**What the exercise asks**
For every entry that follows, return the words exactly and omit any picture.

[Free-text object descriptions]
******************************
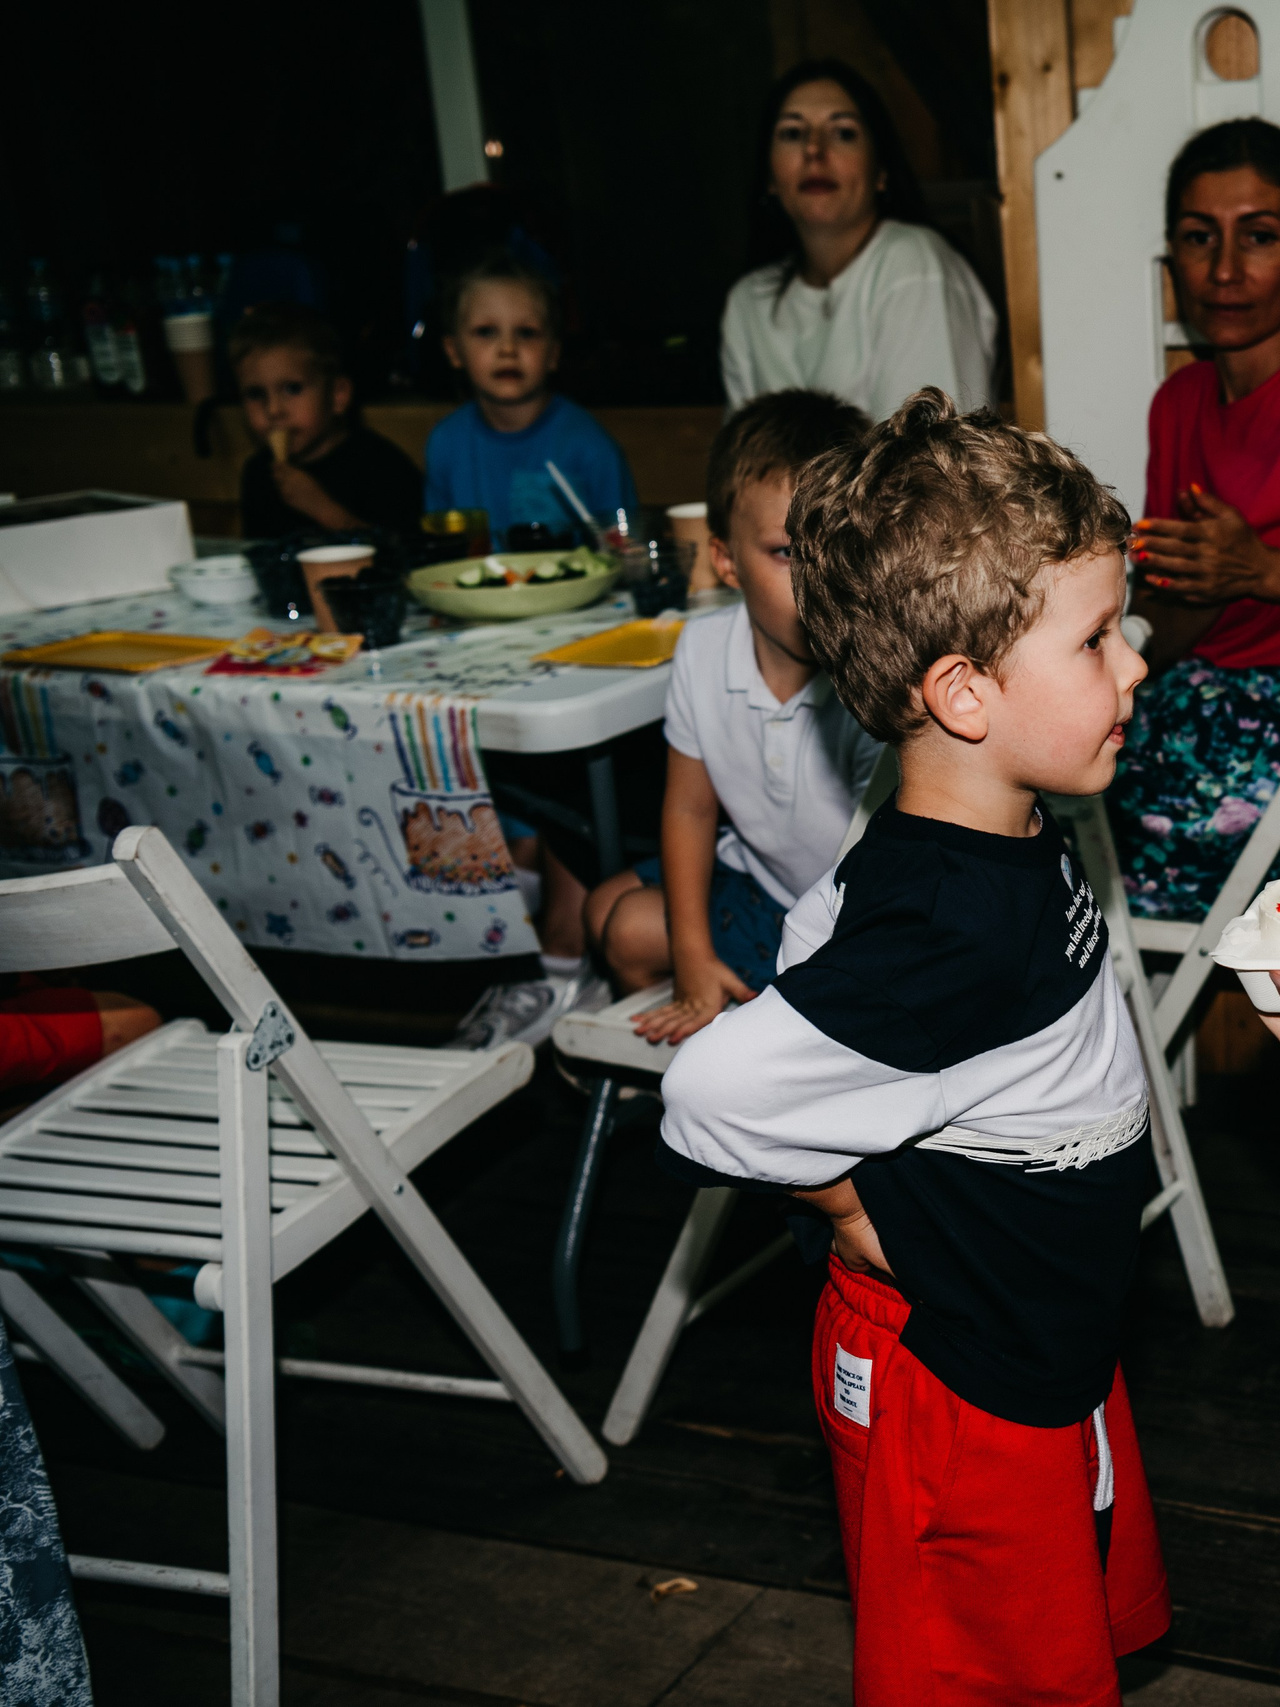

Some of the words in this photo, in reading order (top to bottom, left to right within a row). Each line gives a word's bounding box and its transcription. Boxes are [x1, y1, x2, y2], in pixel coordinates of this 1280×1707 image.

[1069, 926, 1083, 946] feel
[1065, 943, 1076, 963] you
[1078, 947, 1090, 969] and
[1086, 931, 1100, 953] thirst
[847, 1381, 866, 1391] SPEAKS
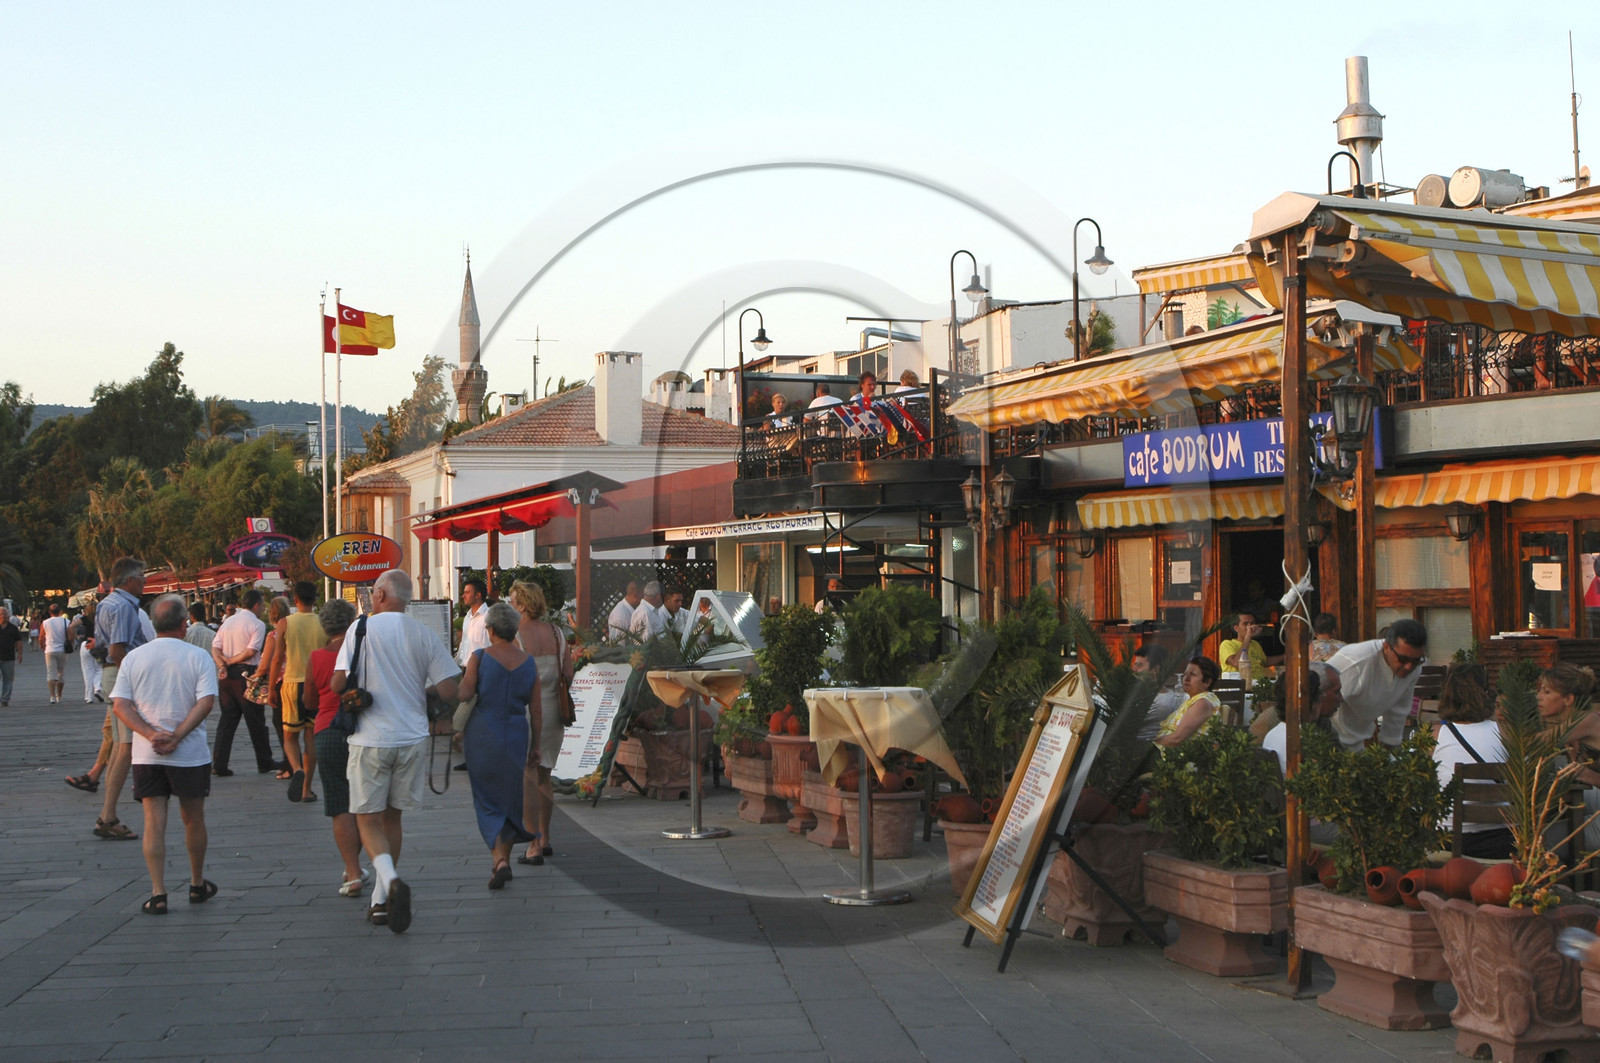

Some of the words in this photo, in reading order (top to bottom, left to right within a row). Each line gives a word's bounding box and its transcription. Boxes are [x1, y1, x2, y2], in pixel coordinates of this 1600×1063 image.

[1128, 434, 1159, 483] cafe
[1162, 430, 1245, 475] BODRUM
[700, 525, 728, 536] BODRUM
[730, 521, 763, 533] TERRACE
[766, 517, 818, 530] RESTAURANT
[343, 539, 382, 555] EREN
[340, 561, 390, 574] Restaurant
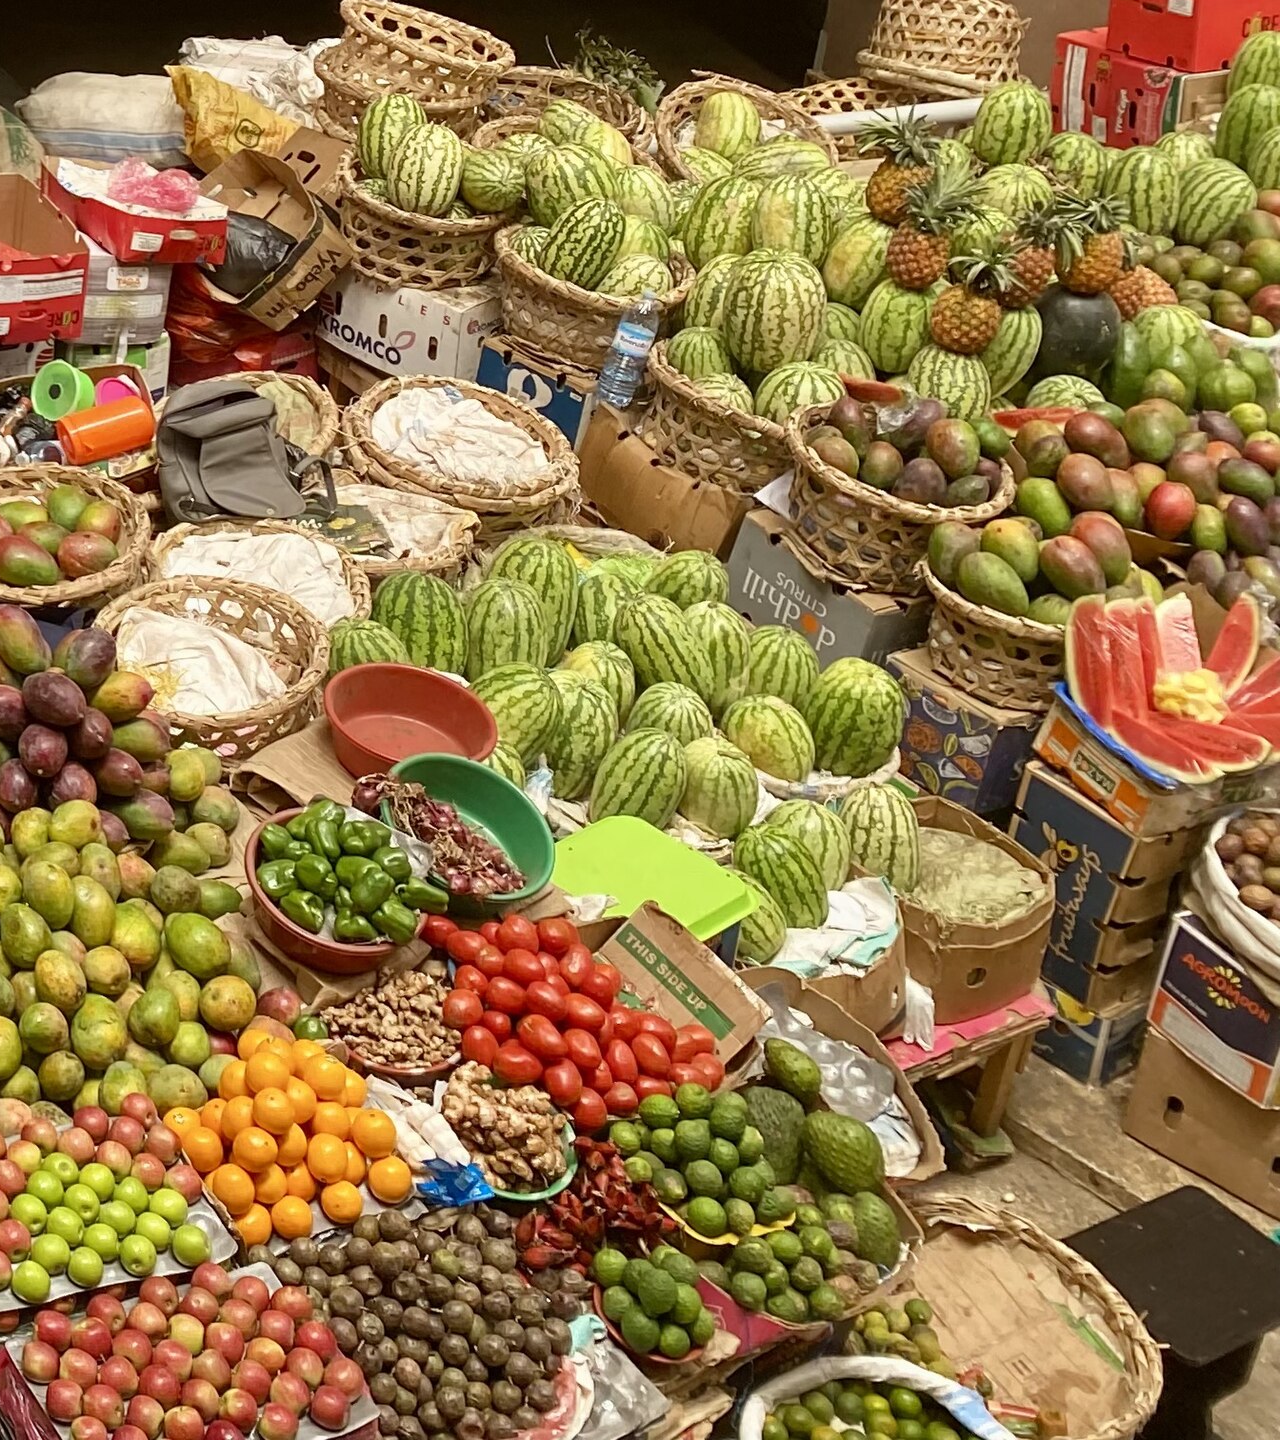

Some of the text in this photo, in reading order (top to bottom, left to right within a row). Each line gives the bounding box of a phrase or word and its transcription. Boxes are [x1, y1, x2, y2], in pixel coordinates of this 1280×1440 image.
******************************
**Result of the task**
Some of the words in this photo, in reading order (top to bottom, left to right within a row). Each line gives a word's bounding box and its transcription. Boxes are [x1, y1, x2, y2], in pixel coordinates of this 1280×1707 image.

[1069, 926, 1083, 946] feel
[1065, 943, 1076, 963] you
[1078, 947, 1090, 969] and
[1086, 931, 1100, 953] thirst
[847, 1381, 866, 1391] SPEAKS

Some of the words in this photo, in reading order (top to bottom, left to right within a row). Each line gives a word's bounding box and its transcription. Boxes are [x1, y1, x2, y2], in pixel coordinates of this 1600×1063 image.

[1128, 434, 1159, 483] cafe
[1162, 430, 1245, 475] BODRUM
[700, 525, 728, 536] BODRUM
[730, 521, 763, 533] TERRACE
[766, 517, 818, 530] RESTAURANT
[343, 539, 382, 555] EREN
[340, 561, 390, 574] Restaurant

Some of the text in this photo, in reading order (top to bottom, left to right within a row). Each line gives the bounding box of a phrase or word and its transcription. Boxes are [x1, y1, x2, y2], in pixel coordinates of this 1280×1440 image.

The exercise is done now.